Maybe "The XMRV-saga and the more recent enthusiasm about Rituximab are but two examples of how easily things can go wrong when people desperate to regain health assume preliminary findings are correct".
 
Since research-based evidence of treatments is lacking, all we have is the clinical experience and best practice of disease experts.
Ok. But the things I propose do not forbid sharing or giving information about expert advise, as long as the evidence behind it is not overstated and properly framed. So it should be presented as something that ME/CFS experts do, based on their intuition and experience, not something that is supported by scientific evidence.

I'm still not sure what you are disagreeing with in the text itself, but I suppose it's the term 'neutral'? What if I leave that out. So it would read something like this:

Science-based: ME Action has a commitment to science and evidence-based medicine. Our advocacy, policy proposals and information resources are based on the best available science while recognizing the limitations of current research.

Skeptical: ME Action has a commitment to remain skeptical towards scientific hypotheses, proposed treatments and reported findings, as long as these have not been established by robust scientific inquiry from multiple research groups.

Factfulness: ME Action has a commitment to stick to established facts.
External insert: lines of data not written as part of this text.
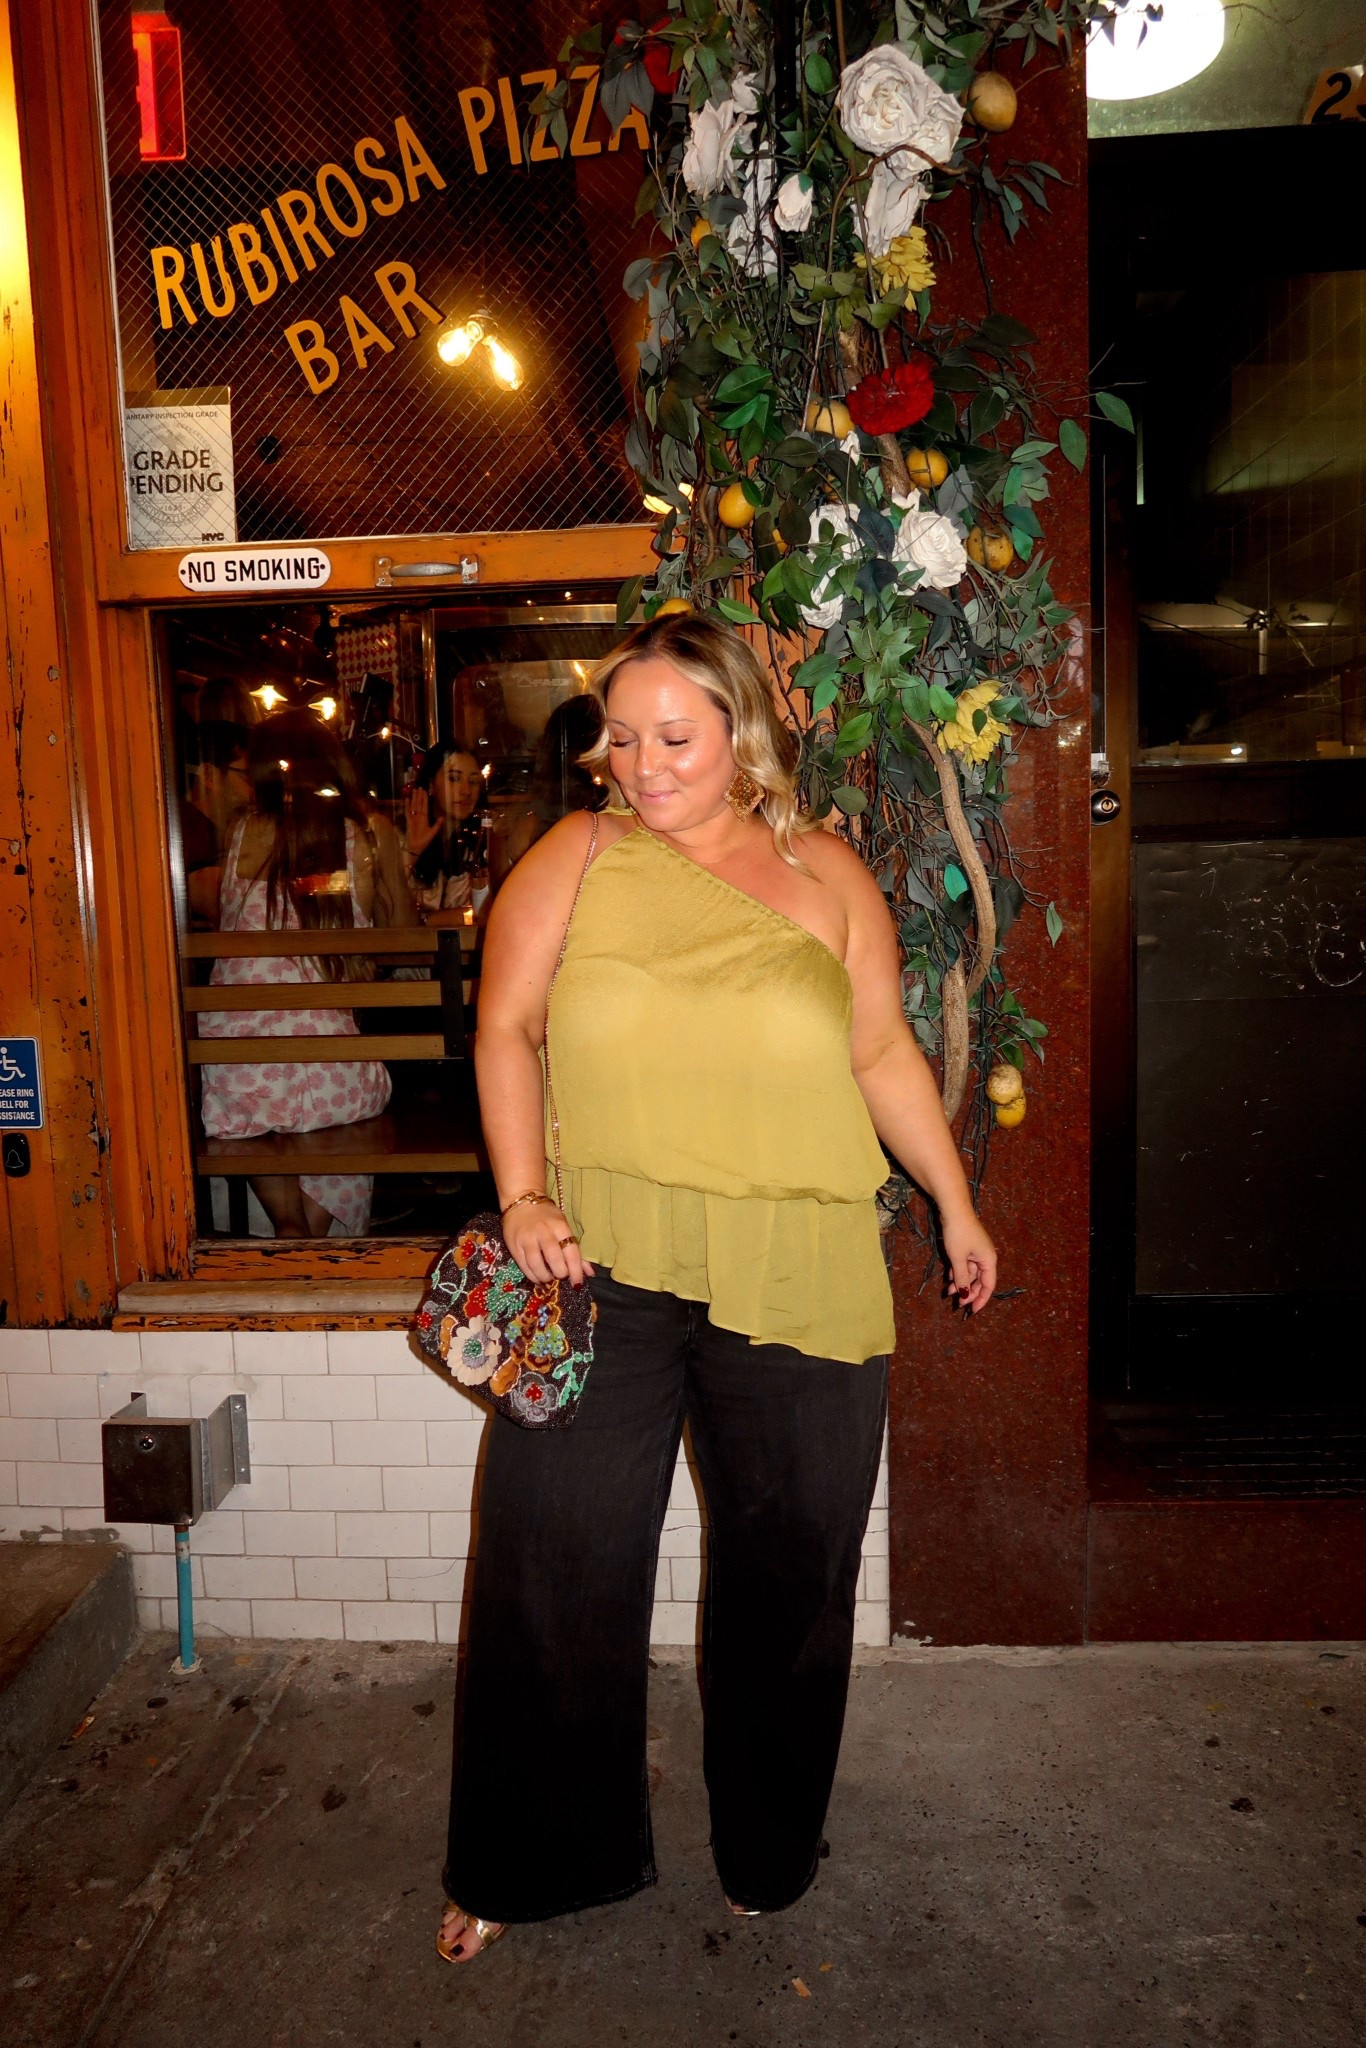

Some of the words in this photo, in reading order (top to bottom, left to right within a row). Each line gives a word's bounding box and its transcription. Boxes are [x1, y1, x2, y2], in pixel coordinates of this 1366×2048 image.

[1311, 72, 1366, 124] 2
[150, 115, 447, 329] RUBIROSA
[458, 65, 650, 175] PIZZA
[284, 261, 444, 395] BAR
[155, 412, 194, 420] INSPECTION
[133, 450, 211, 471] GRADE
[201, 532, 225, 542] NYC
[187, 561, 215, 583] NO
[225, 557, 320, 582] SMOKING
[16, 1088, 34, 1097] RING
[0, 1100, 14, 1109] ELL
[14, 1100, 29, 1109] FOR
We strive for high accuracy and prefer to err on the side of caution.​
 
Maybe "The XMRV-saga and the more recent enthusiasm about Rituximab are but two examples of how easily things can go wrong when people desperate to regain health assume preliminary findings are correct".
Thanks for the suggestion.

This does give the impression that it's desperate patients that form the problem, while the issue that I want to raise is more about a lack of caution or skepticism towards biomedical research findings in the ME/CFS community.

What about: "The XMRV-saga and the more recent enthusiasm about Rituximab are but two examples of how easily things can go wrong when promising but preliminary findings are taken at face value."